Set down each line of the listing below exactly as it is written.

* **PROVIDED RECORDS**:
▬▬▬▬▬▬▬▬▬▬

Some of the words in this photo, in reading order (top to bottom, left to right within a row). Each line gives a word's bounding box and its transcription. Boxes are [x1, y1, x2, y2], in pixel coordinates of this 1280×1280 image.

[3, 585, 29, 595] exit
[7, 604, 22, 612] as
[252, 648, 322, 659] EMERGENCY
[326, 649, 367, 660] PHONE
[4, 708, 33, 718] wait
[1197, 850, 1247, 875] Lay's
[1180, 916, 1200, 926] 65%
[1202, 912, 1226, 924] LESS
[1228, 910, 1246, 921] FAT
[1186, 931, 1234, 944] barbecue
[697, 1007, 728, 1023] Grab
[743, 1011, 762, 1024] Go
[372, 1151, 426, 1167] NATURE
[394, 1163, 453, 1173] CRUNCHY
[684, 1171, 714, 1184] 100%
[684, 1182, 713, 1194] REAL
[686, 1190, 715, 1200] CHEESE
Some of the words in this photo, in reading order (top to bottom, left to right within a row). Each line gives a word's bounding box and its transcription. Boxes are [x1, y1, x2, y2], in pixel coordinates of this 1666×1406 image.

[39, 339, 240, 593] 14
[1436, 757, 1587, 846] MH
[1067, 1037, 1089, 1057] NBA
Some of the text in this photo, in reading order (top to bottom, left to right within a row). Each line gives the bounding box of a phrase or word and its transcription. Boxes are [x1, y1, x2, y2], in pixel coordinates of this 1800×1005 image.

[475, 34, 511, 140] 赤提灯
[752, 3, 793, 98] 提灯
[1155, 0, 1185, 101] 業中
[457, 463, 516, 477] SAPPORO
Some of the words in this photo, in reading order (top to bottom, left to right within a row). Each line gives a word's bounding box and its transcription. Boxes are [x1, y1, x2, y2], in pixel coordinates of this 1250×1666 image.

▬▬▬▬▬▬▬▬▬▬

* **ANSWER SPACE**:
Some of the words in this photo, in reading order (top to bottom, left to right within a row). Each line gives a word's bounding box and its transcription. Boxes are [x1, y1, x2, y2], in pixel coordinates of this 1280×1280 image.

[3, 585, 29, 595] exit
[7, 604, 22, 612] as
[252, 648, 322, 659] EMERGENCY
[326, 649, 367, 660] PHONE
[4, 708, 33, 718] wait
[1197, 850, 1247, 875] Lay's
[1180, 916, 1200, 926] 65%
[1202, 912, 1226, 924] LESS
[1228, 910, 1246, 921] FAT
[1186, 931, 1234, 944] barbecue
[697, 1007, 728, 1023] Grab
[743, 1011, 762, 1024] Go
[372, 1151, 426, 1167] NATURE
[394, 1163, 453, 1173] CRUNCHY
[684, 1171, 714, 1184] 100%
[684, 1182, 713, 1194] REAL
[686, 1190, 715, 1200] CHEESE
Some of the words in this photo, in reading order (top to bottom, left to right within a row). Each line gives a word's bounding box and its transcription. Boxes are [x1, y1, x2, y2], in pixel coordinates of this 1666×1406 image.

[39, 339, 240, 593] 14
[1436, 757, 1587, 846] MH
[1067, 1037, 1089, 1057] NBA
Some of the text in this photo, in reading order (top to bottom, left to right within a row). Each line gives the bounding box of a phrase or word and its transcription. Boxes are [x1, y1, x2, y2], in pixel coordinates of this 1800×1005 image.

[475, 34, 511, 140] 赤提灯
[752, 3, 793, 98] 提灯
[1155, 0, 1185, 101] 業中
[457, 463, 516, 477] SAPPORO
Some of the words in this photo, in reading order (top to bottom, left to right within a row). Each line gives a word's bounding box and its transcription. Boxes are [x1, y1, x2, y2], in pixel coordinates of this 1250×1666 image.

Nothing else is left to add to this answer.